- _Exercise details_
Having found the line that contains "Some of the words", please retype only it and every line after it up to the end of the entries, exactly as written.

(Saved data entries)
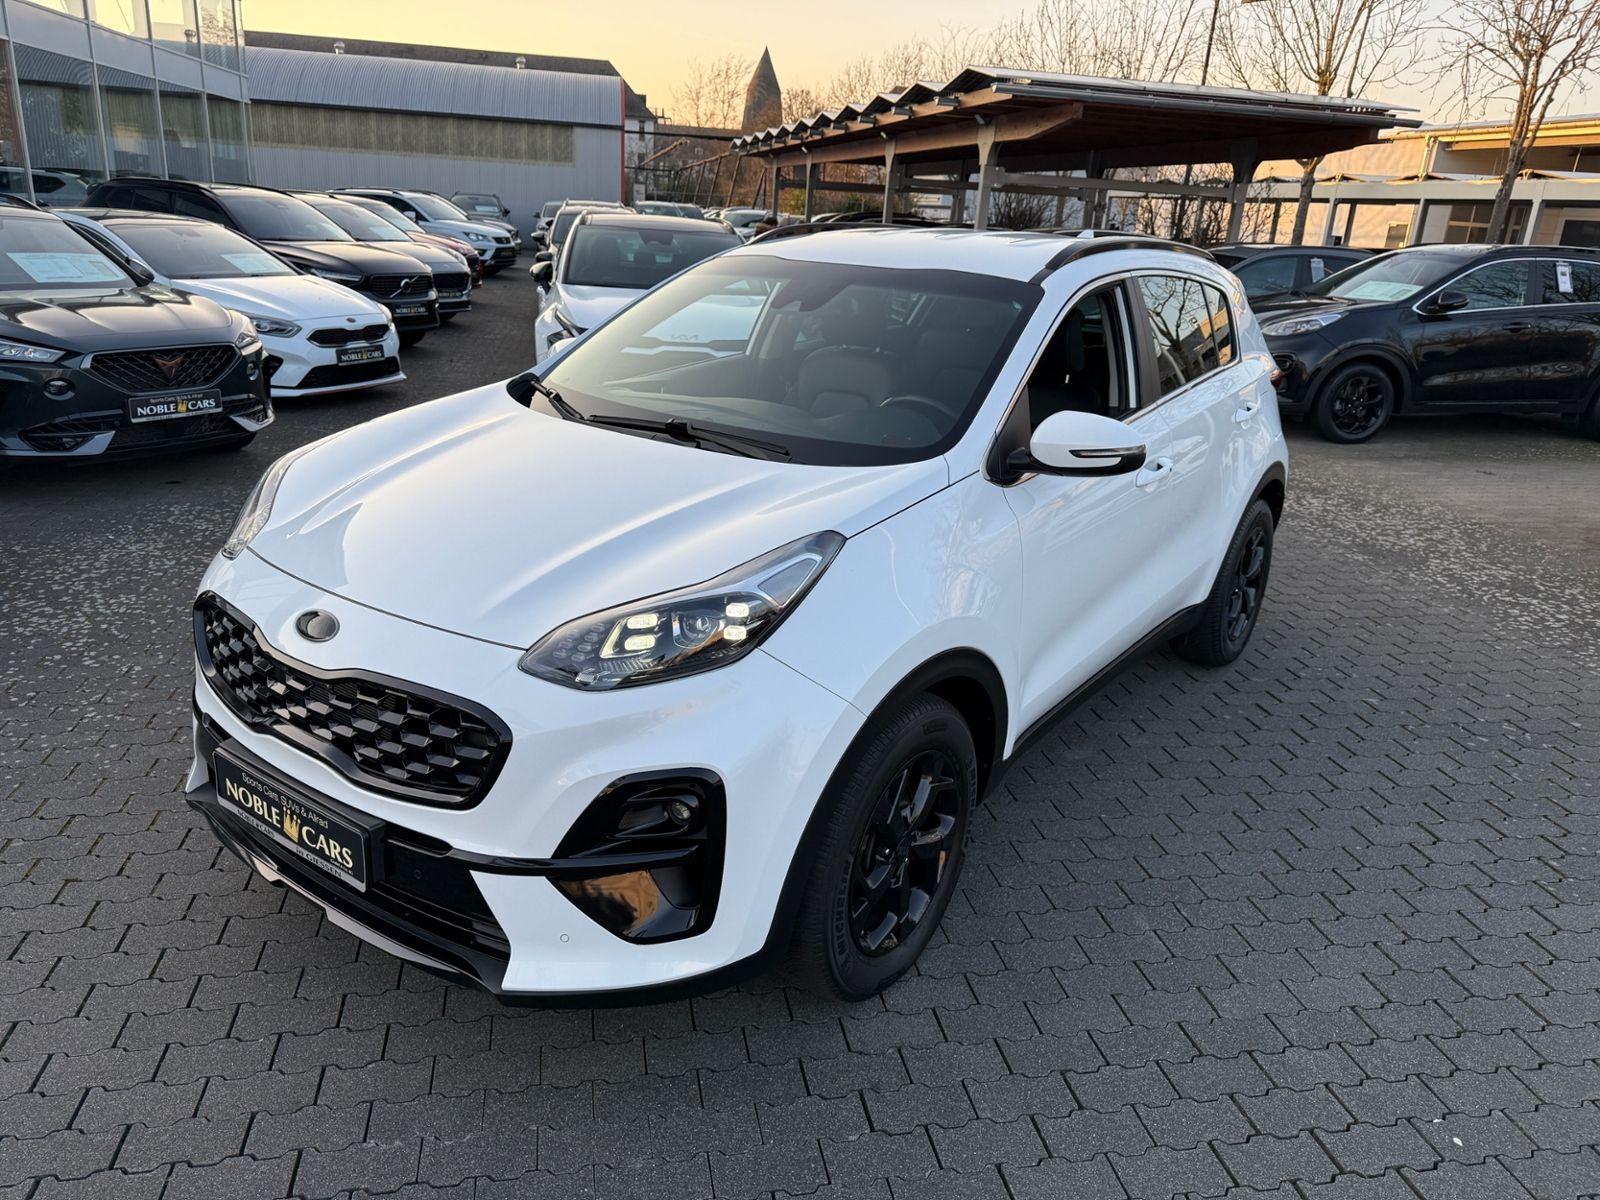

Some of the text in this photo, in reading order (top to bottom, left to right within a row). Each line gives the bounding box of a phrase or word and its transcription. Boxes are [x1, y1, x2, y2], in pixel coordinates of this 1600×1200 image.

[341, 351, 363, 360] NOBLE
[137, 399, 216, 416] NOBLE CARS
[242, 772, 263, 792] Sports
[281, 796, 300, 813] SUVs
[300, 808, 307, 818] &
[308, 812, 329, 829] Allrad
[225, 778, 353, 868] NOBLE CARS
[306, 853, 342, 878] GIESSEN
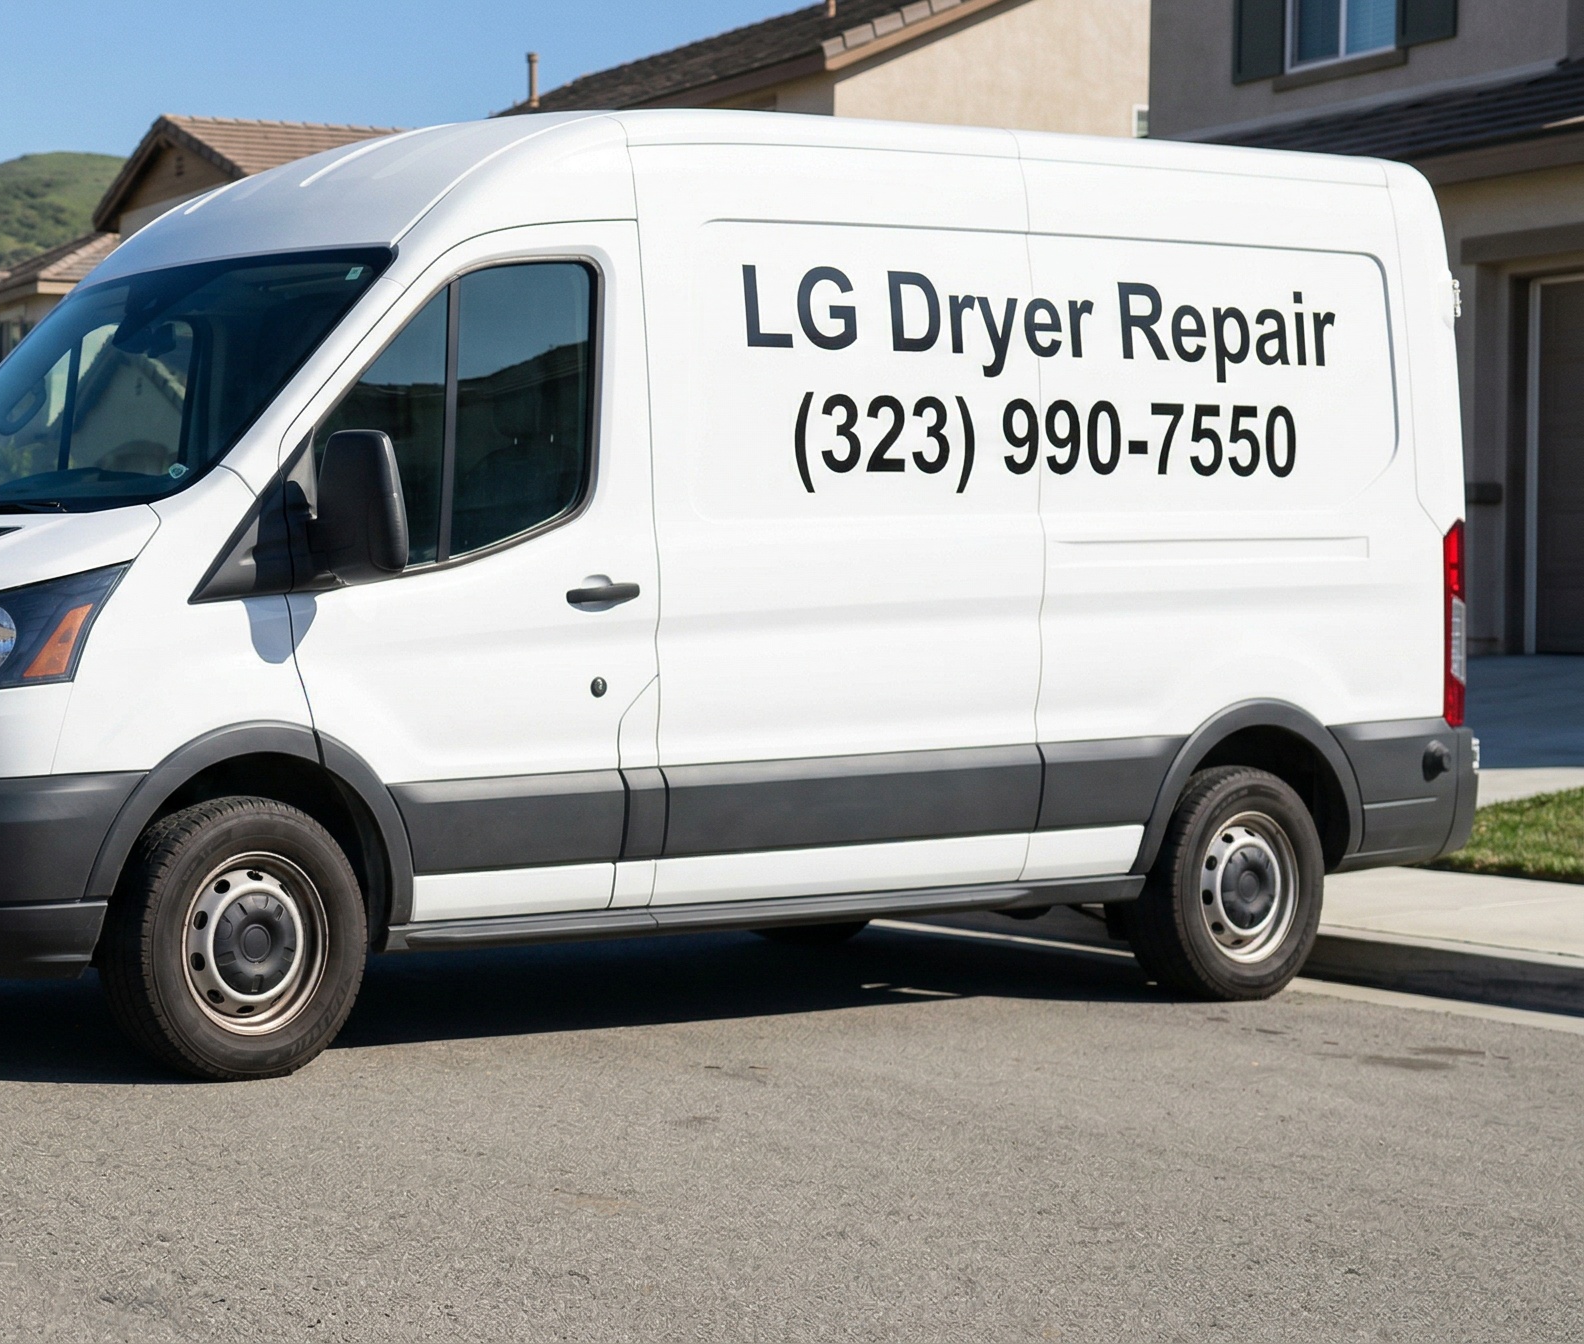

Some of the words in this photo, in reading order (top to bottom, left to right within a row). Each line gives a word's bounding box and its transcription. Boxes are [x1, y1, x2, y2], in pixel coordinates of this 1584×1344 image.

[742, 264, 858, 351] LG
[887, 270, 1094, 378] Dryer
[1117, 281, 1336, 383] Repair
[794, 391, 975, 494] (323)
[1002, 398, 1297, 478] 990-7550

- _Answer box_
Some of the words in this photo, in reading order (top to bottom, left to right within a row). Each line gives a word's bounding box and its transcription. Boxes are [x1, y1, x2, y2], in pixel coordinates of this 1584×1344 image.

[742, 264, 858, 351] LG
[887, 270, 1094, 378] Dryer
[1117, 281, 1336, 383] Repair
[794, 391, 975, 494] (323)
[1002, 398, 1297, 478] 990-7550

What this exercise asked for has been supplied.